Originally posted by: LegendKiller
Originally posted by: CycloWizard
So yeah, you don't have any idea about Sturm-Liouville theory, do you? Didn't think so. I suppose that means I have a little better understanding than you about conserved quantities. Therefore, I'd recommend not talking out of your ass and bad-mouthing engineers. "Burden of proof" refers to a logical fallacy which you are obviously fond of committing, as I already pointed out. If you want to make a claim about something, particularly one that goes against fundamentals, it is up to you to demonstrate why your claim is correct. I have made no claims, therefore there is no burden of proof on me. Sorry if pure logic goes against your argument, but that generally indicates that your argument is wrong.
Please, it's pretty blatantly obvious I wasn't referring to your specific mentioning of your theory. I don't give a rats ass about "sturm-liouville". My life is spent analyzing default curves, interest rate forwards curves, prepayment probabilities, economic inputs, correlation matrixes, and distribution models. I guess that's too low for you though.
As far as "badmouthing engineers". Finance is partially formulaic and partially behavioral in analysis. Trends can be caused by fundamentals, but also because of behavioral movements. This is why chartists (technical analysis) has never proven to be true, because it's a random walk. You can never come up with something that'll predict how the market will move.
This applies also to the movement of oil. A 50% runup, followed by a 30% drop, isn't due to fundamentals, especially when the whole thing occurs in a span of 8 months. That's the classical definition of a cyclical bubble. But I guess that's not good enough for you.
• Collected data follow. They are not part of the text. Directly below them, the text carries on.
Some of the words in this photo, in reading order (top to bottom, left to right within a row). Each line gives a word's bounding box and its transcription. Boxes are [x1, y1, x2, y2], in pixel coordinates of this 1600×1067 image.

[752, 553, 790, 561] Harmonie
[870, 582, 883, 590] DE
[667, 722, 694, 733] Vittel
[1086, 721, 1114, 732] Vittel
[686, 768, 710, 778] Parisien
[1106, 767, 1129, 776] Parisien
Nor is the evidence of massively increased trading volumes. Nor sentiment moving into the market and then swiftly out.
But we should depend on your plethora of formulas to predict how the 'Street will move from one investment to the next? Right?
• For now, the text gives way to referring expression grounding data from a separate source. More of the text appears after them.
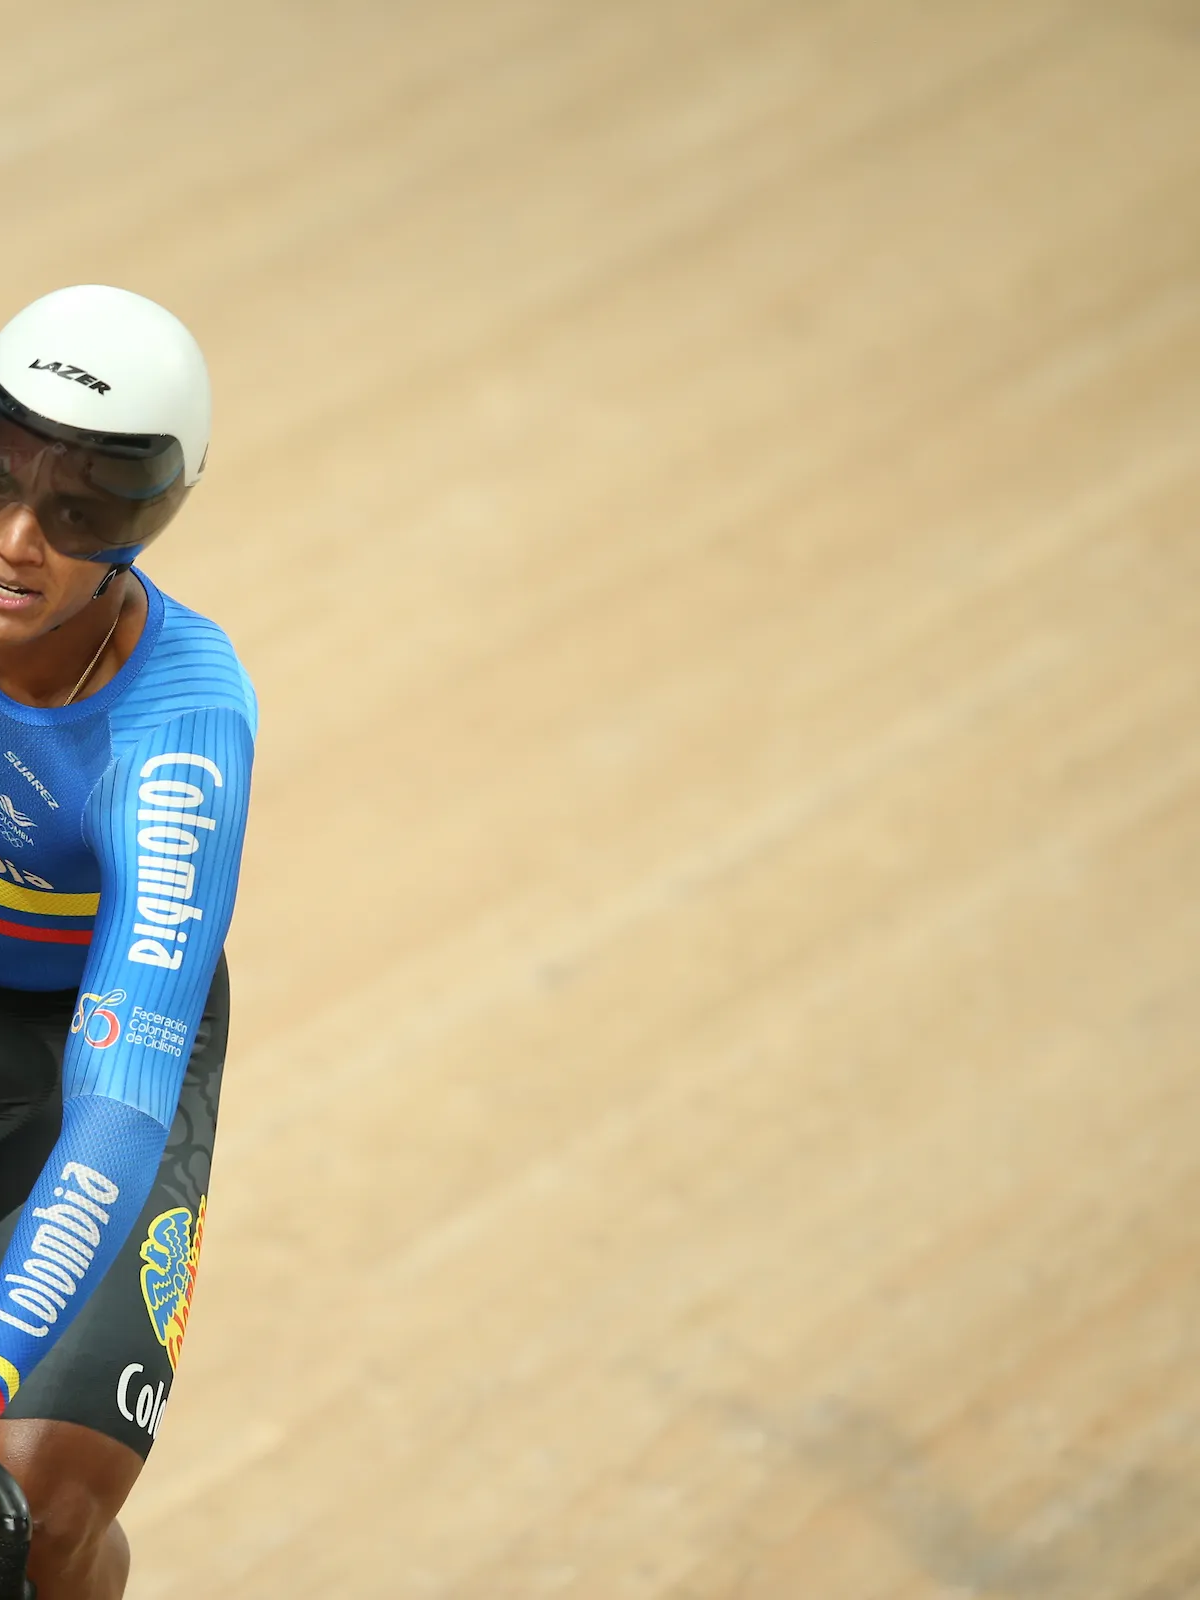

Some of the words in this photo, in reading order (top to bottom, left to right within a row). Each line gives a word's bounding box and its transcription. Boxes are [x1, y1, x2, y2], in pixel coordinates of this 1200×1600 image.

[27, 359, 111, 396] LAZER
[3, 750, 60, 810] SUAREZ
[128, 752, 223, 971] Colombia
[126, 1031, 143, 1045] de
[129, 1019, 185, 1046] Colombana
Because you know exactly how $400BN of capital flew out of the ABCP market, blowing out overnight spreads and causing funding spreads to still increase? Why did it leave? Because nobody wanted to invest in debt anymore.
Instead, you know, from your formulas, that massive wealth funds went into commodities, which are always publicly announced movements (right?).
Yup, you knew that because you work on Wall Street, at one of the biggest banks in the world, doing finance work.
I've given my proof of increased volume. Too bad there aren't official figures, since mostly the commodities markets are "dark pools" with little/no officially released numbers, but you knew that too.
So really, fuck off engineer boy. You're a two-bit quant-head with know real experience in investments or finance. You pretend everything is a quantitative model and data should be plucked from trees.
Where is your evidence, you assert that it is a correlation. So please, you made your assertion, back it up with your uber-analysis.